Enantiomers are pairs of chemical compounds, each with a molecular structure that's the mirror image of the other compound in the pair. Controlling which enantiomer is formed is important, Watson said, because enantiomers can exhibit different properties and effects, particularly in biological applications such as medicines.
“The Career proposal will specifically support my research on the development of new ways to make single enantiomers of oxygen-containing heterocycles (cyclic molecules with oxygen atoms in the ring)," she said, adding that heterocycles are found in a variety of bioactive molecules, including vitamin E.
"We will do this by adding carbon-containing groups to oxocarbenium ions, which are a special class of reactive molecules. Controlling which enantiomer is formed in additions to these reactive molecules is a longstanding challenge in chemistry. We have discovered a novel solution to this problem using metal-based catalysts and are excited to pursue our initial discovery by showing that this is a general solution to this synthetic problem.”
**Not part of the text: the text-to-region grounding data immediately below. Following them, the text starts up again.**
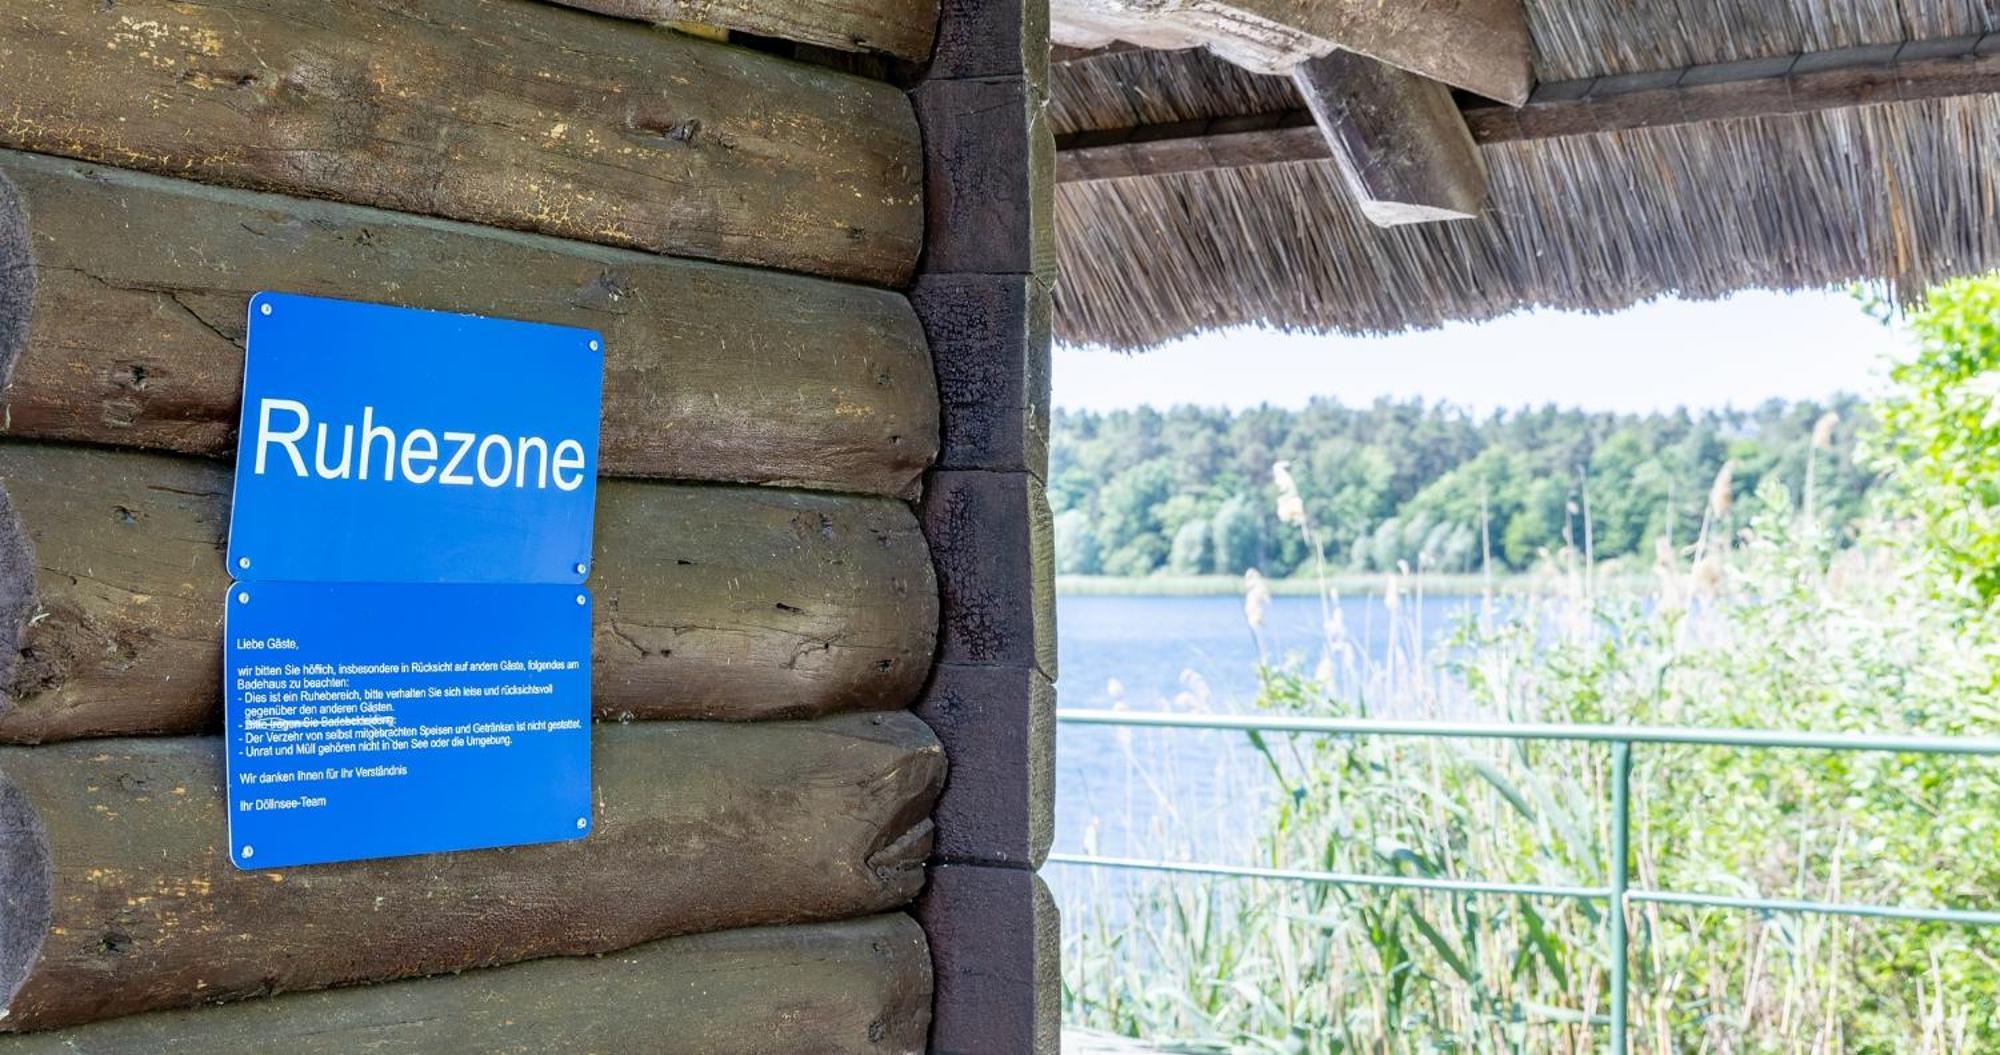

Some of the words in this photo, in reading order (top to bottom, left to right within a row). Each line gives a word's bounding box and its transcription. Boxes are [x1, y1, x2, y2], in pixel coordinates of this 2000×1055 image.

[255, 398, 585, 491] Ruhezone
[236, 637, 265, 650] Liebe
[266, 637, 300, 650] Gäste,
[237, 665, 253, 676] wir
[255, 665, 282, 676] bitten
[284, 664, 301, 675] Sie
[338, 662, 399, 675] insbesondere
[400, 662, 410, 672] in
[411, 662, 453, 673] Rücksicht
[454, 661, 469, 672] auf
[470, 660, 498, 672] andere
[500, 660, 527, 672] Gäste,
[527, 660, 565, 672] folgendes
[566, 661, 580, 670] am
[236, 678, 287, 690] Badehaus
[289, 679, 301, 689] zu
[303, 677, 349, 689] beachten:
[245, 692, 268, 703] Dies
[269, 691, 281, 702] ist
[283, 691, 298, 702] ein
[300, 689, 362, 702] Ruhebereich,
[364, 688, 384, 700] bitte
[386, 687, 426, 700] verhalten
[428, 686, 442, 697] Sie
[444, 686, 461, 697] sich
[463, 685, 482, 697] leise
[484, 685, 500, 696] und
[501, 683, 553, 695] rücksichtsvoll
[244, 704, 297, 718] gegenüber
[299, 703, 317, 714] den
[319, 702, 358, 714] anderen
[359, 701, 396, 713] Gästen.
[245, 732, 264, 744] Der
[265, 731, 303, 743] Verzehr
[305, 731, 324, 740] von
[325, 729, 353, 740] selbst
[354, 726, 417, 740] mitgebrachten
[419, 724, 453, 737] Speisen
[455, 723, 471, 734] und
[472, 722, 515, 734] Getränken
[516, 721, 526, 731] ist
[527, 720, 546, 731] nicht
[245, 744, 273, 757] Unrat
[275, 744, 294, 756] und
[295, 742, 316, 755] Müll
[318, 741, 357, 756] gehören
[358, 740, 380, 751] nicht
[382, 739, 390, 750] in
[391, 738, 409, 750] den
[410, 738, 429, 749] See
[430, 737, 450, 747] oder
[451, 736, 465, 747] die
[466, 734, 513, 747] Umgebung.
[239, 772, 257, 784] Wir
[259, 771, 296, 783] danken
[297, 769, 324, 780] Ihnen
[326, 767, 339, 779] für
[340, 767, 354, 778] Ihr
[355, 764, 408, 777] Verständnis
[239, 800, 253, 811] Ihr
[255, 795, 327, 810] Döllnsee-Team
In addition to the new reaction technologies that will emerge from this work, Watson’s research program provides opportunities for undergraduate and graduate students interested in pursuing careers in science.
“One of the best parts of being a chemistry professor is working with a dynamic team of energetic young researchers," she said. "My group is incredibly dedicated in our efforts to develop useful new synthetic methods. They worked hard to establish the feasibility of our new method and were exceptional in helping to perfect the Career proposal. It is an amazing privilege to work with such bright, enthusiastic and determined co-workers.”
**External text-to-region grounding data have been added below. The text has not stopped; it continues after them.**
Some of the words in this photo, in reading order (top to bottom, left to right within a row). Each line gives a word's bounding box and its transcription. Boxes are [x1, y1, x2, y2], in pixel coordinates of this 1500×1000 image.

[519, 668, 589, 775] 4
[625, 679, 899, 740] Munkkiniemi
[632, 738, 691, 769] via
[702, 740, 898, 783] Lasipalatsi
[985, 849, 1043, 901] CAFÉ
While she is mentoring others in her research group, Watson also thanked those who have supported her: “I receive exceptional mentorship from my senior colleagues in the Department of Chemistry and Biochemistry, particularly Prof. Joe Fox. Joe has been actively mentoring me since I started at UD; his mentorship put me on track to win this award.”
The award will also fund new initiatives to encourage Delaware high school students to consider careers in science. In announcing the award, the NSF noted Watson's efforts "to inspire Delaware high school students with the power of chemistry using a video she produced about [former UD Prof.] Richard Heck's Nobel Prize-winning achievements and by performing demonstrations in Delaware high schools."
The video, produced with Kyle Chappell of University Media Services, “Discovery and Achievement: Richard Heck’s Contribution to Science and the World,” can be used by high school teachers in their classrooms to get students excited about how important chemistry is, Watson said.
With the support of the NSF, she said, "My research group and I will perform demonstrations in Delaware high schools to show students the types of reactions Heck developed and that we’re working on now. I’m also excited for the opportunity to institute new peer-led team learning (PLTL) workshops in organic chemistry as part of this Career award.”